(Collected data)
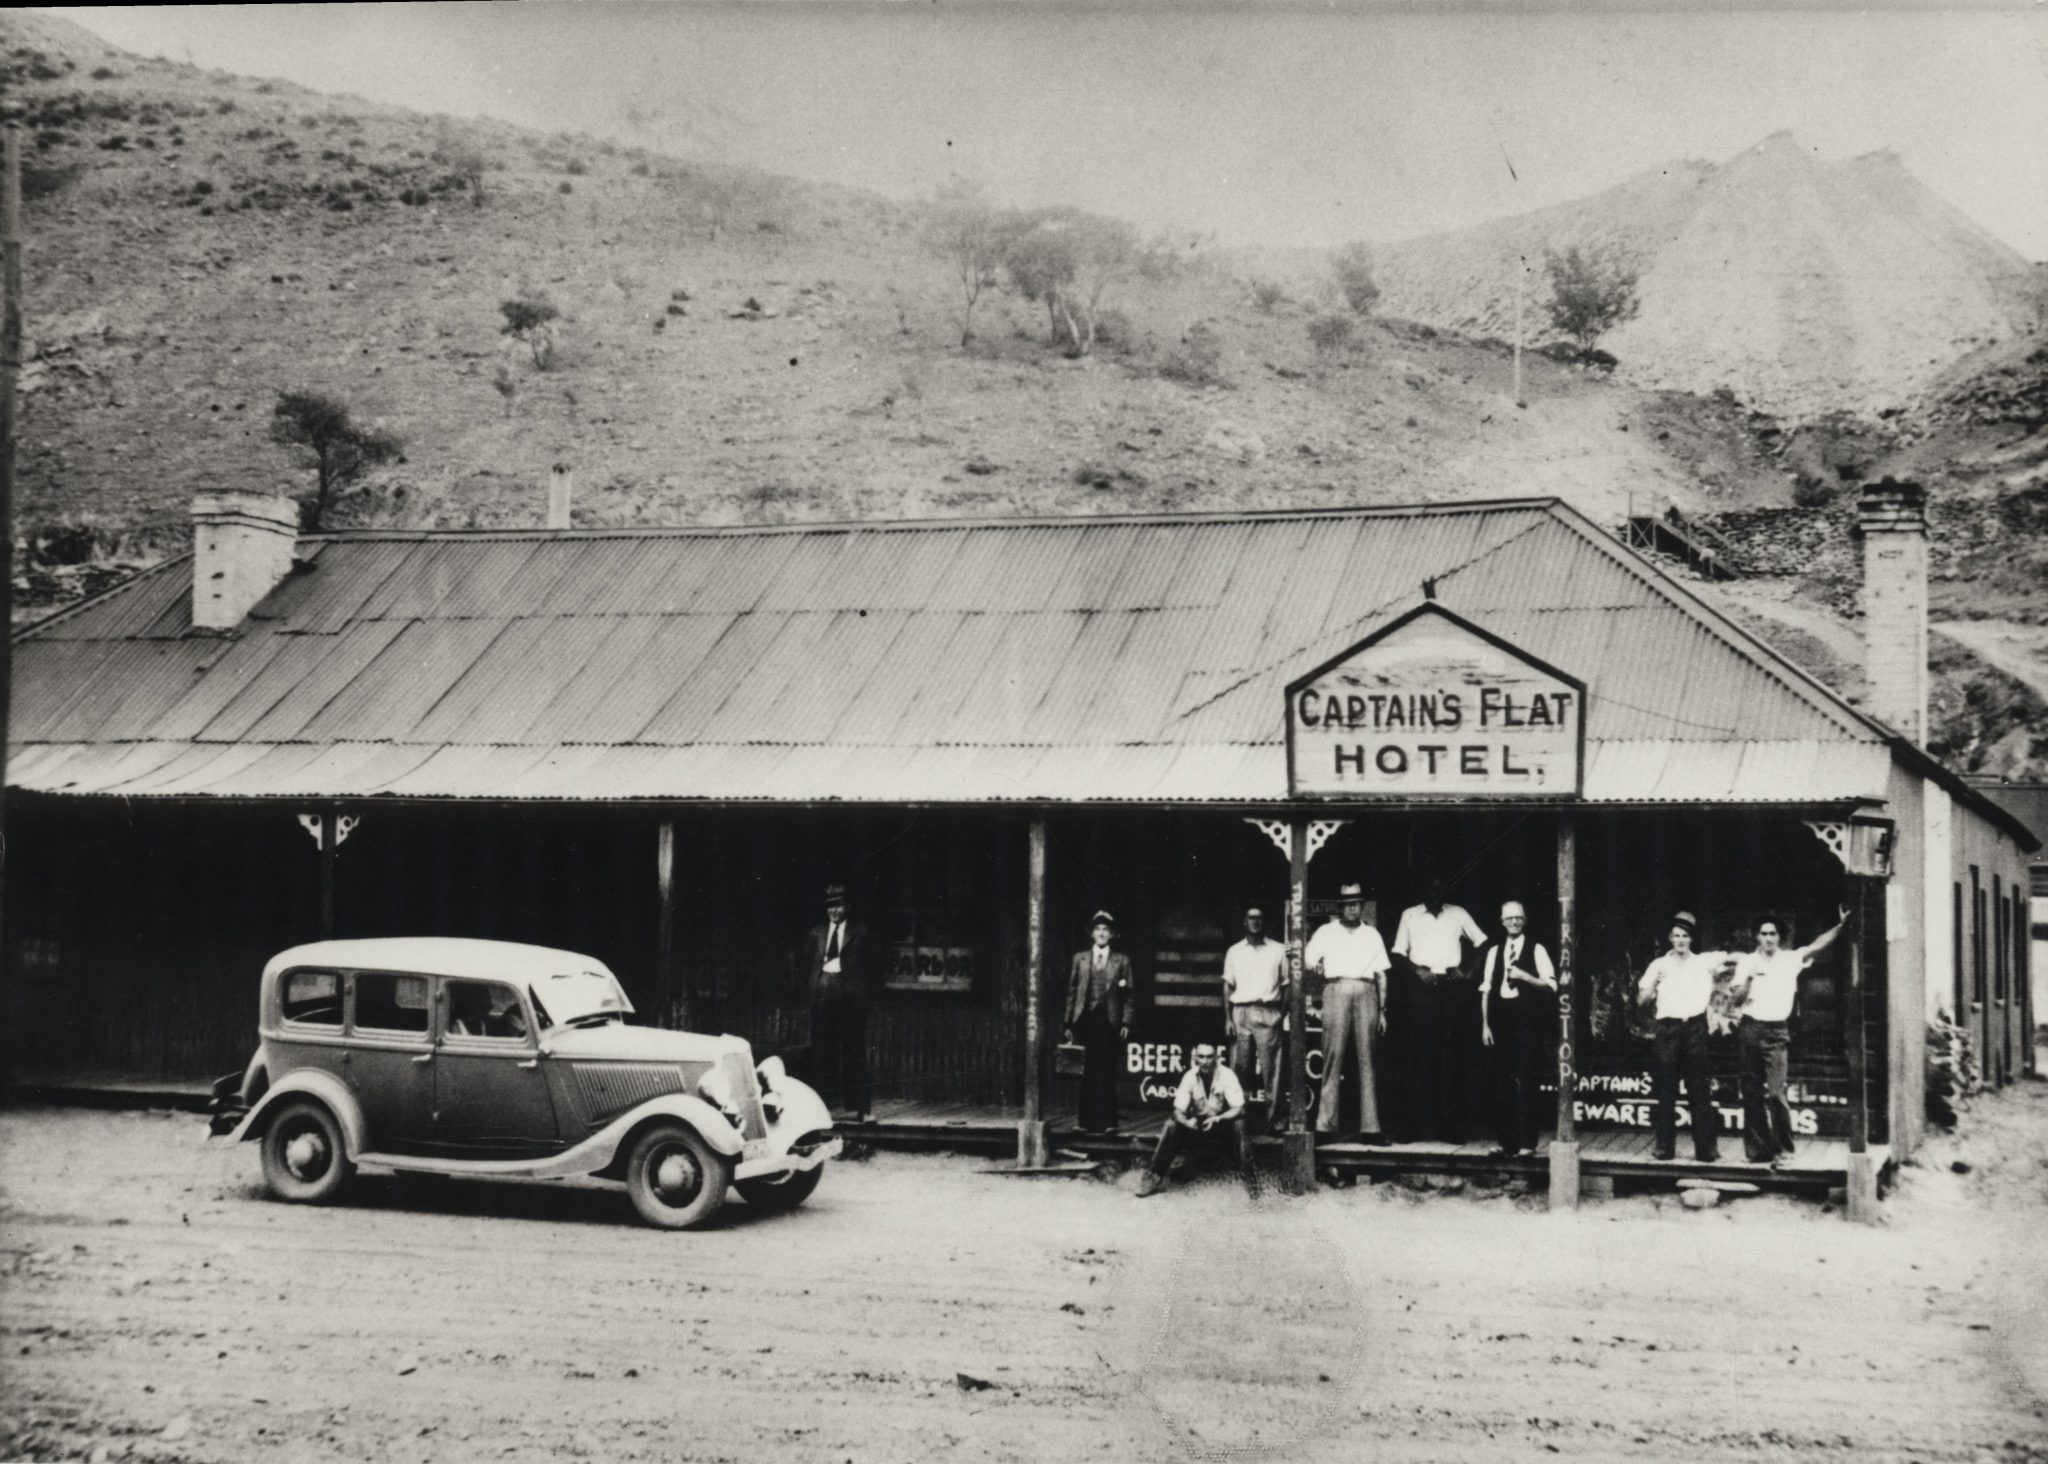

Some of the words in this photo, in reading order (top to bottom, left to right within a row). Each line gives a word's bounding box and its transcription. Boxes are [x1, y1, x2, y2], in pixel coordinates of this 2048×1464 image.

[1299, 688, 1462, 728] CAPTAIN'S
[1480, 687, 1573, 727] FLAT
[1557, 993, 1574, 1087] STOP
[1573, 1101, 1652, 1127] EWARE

Your task » Every line above goes into your copy exactly; no images go in.

Answer »
Some of the words in this photo, in reading order (top to bottom, left to right within a row). Each line gives a word's bounding box and its transcription. Boxes are [x1, y1, x2, y2], in pixel coordinates of this 2048×1464 image.

[1299, 688, 1462, 728] CAPTAIN'S
[1480, 687, 1573, 727] FLAT
[1557, 993, 1574, 1087] STOP
[1573, 1101, 1652, 1127] EWARE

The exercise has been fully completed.